LA LADRONA DE LIBROS La ladrona de libros | Page 76
Markus Zusak
La ladrona de libros
La trotacalles
El desmoronamiento comenzó por la colada y acabó extendiéndose a toda
prisa.
Liesel acompañaba a Rosa Hubermann a hacer las entregas cuando uno de
los clientes, Ernst Vogel, les informó de que ya no podía permitirse que le
lavaran y le plancharan la ropa.
—Son estos tiempos que corren, ¿qué le voy a contar que no sepa? —se
disculpó—. Se están poniendo difíciles y la guerra nos hace pasar apuros. —
Miró a la niña—. Estoy seguro de que recibe una compensación por cuidar de la
pequeña, ¿verdad?
Para consternación de Liesel, su madre se quedó sin palabras.
Tenía una bolsa vacía al lado.
Vamos, Liesel.
No lo dijo, la sacó a rastras, de la mano, sin miramientos.
Vogel la llamó desde lo alto de los escalones.
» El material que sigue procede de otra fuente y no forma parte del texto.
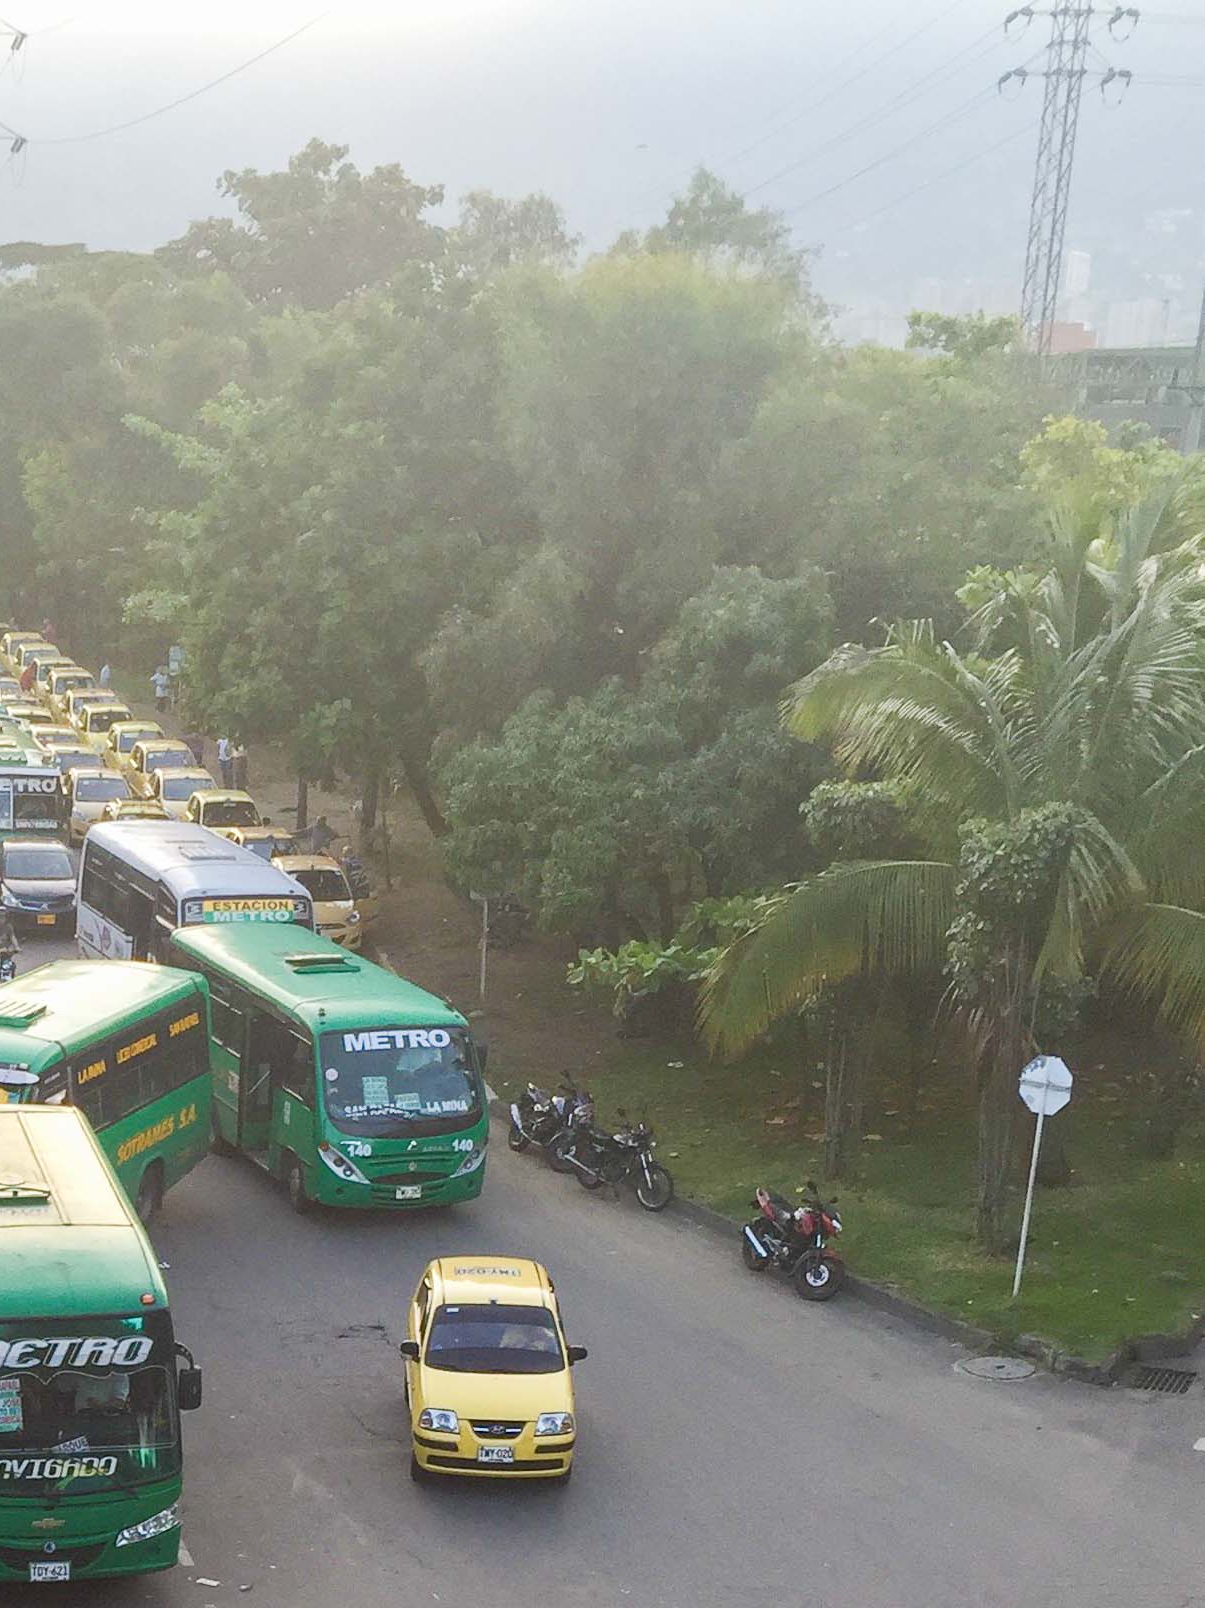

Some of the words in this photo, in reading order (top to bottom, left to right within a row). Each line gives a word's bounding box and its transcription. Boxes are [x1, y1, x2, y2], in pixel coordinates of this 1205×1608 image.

Medía cerca de un metro
setenta y cinco y los grasientos mechones de pelo le caían, apáticos, sobre la
frente.
—¡Lo siento, frau Hubermann!
Liesel lo saludó con la mano.
Él respondió al saludo.
Su madre la reprobó.
—No saludes a ese Arschloch —la riñó—, y aligera.
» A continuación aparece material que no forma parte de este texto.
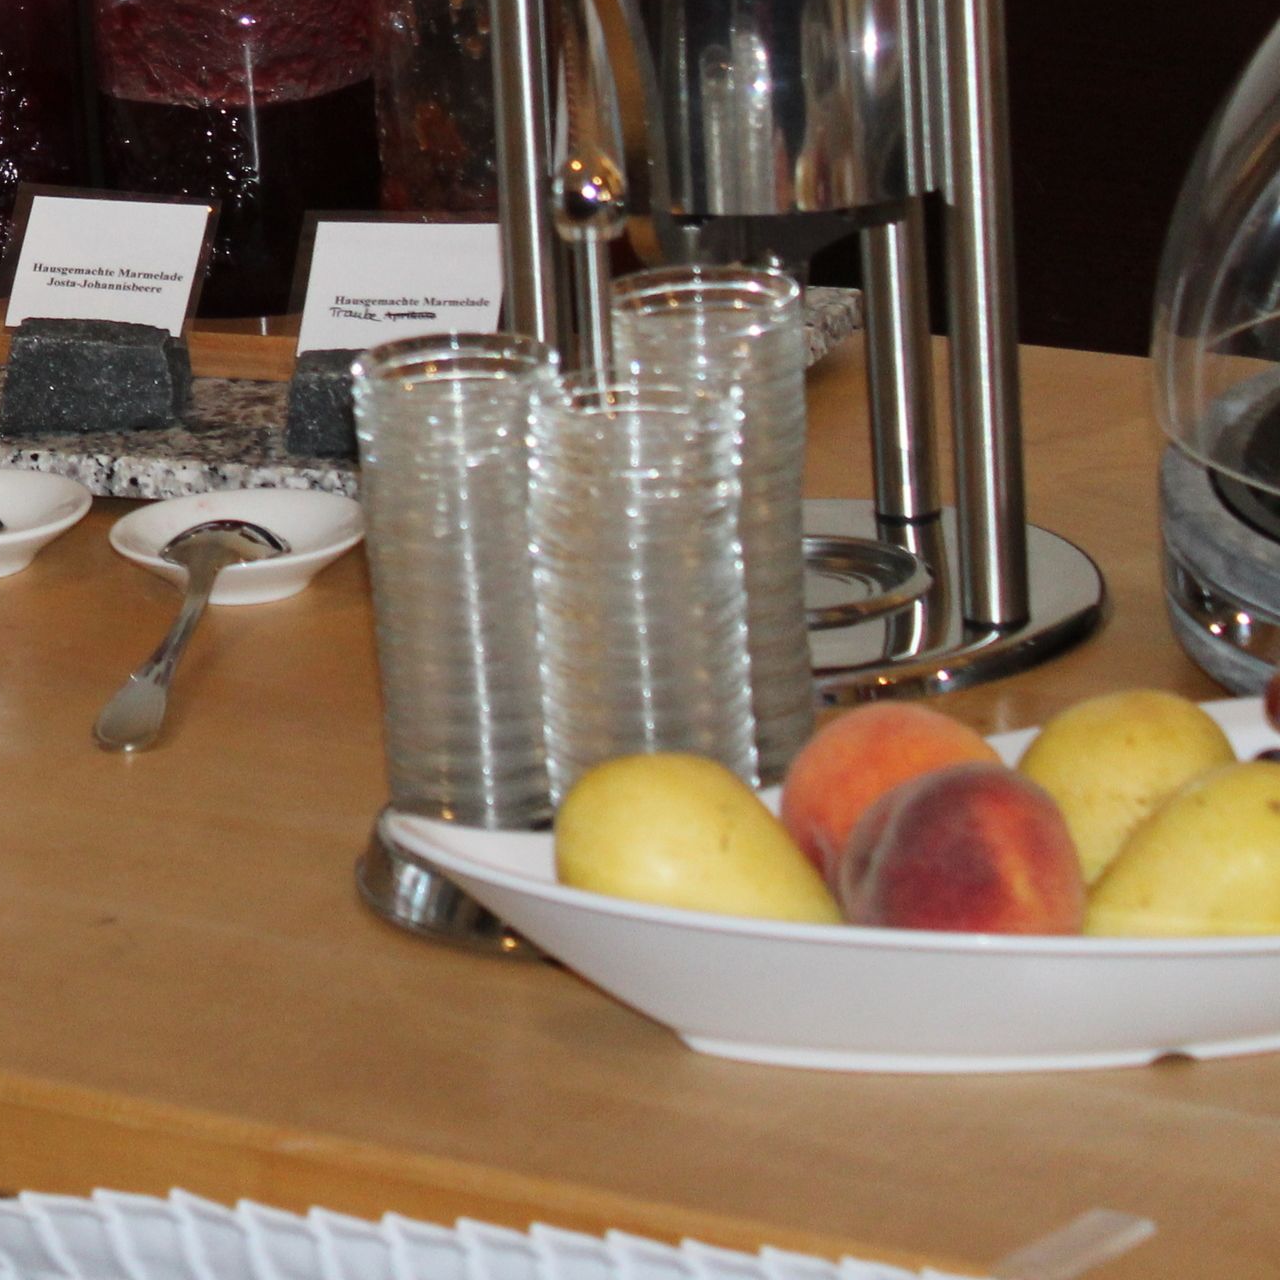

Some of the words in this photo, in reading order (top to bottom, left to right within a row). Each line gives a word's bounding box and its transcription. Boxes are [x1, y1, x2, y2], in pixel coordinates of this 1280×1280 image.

[33, 263, 116, 277] Hausgemachte
[118, 268, 184, 282] Marmelade
[47, 277, 163, 294] Josta-Johannisbeere
[335, 296, 420, 307] Hausgemachte
[423, 297, 490, 307] Marmelade
Esa noche, cuando Liesel se estaba bañando, su madre la frotó con especial
brusquedad, sin dejar de murmurar sobre ese Saukerl de Vogel mientras lo
imitaba cada dos minutos.
—«Debe de recibir una compensación por la niña...» —Castigaba el torso
desnudo de Liesel mientras lo frotaba—. No vales tanto, Saumensch, no me estás
haciendo rica, que lo sepas.
Liesel no se movió y aguantó el rapapolvo.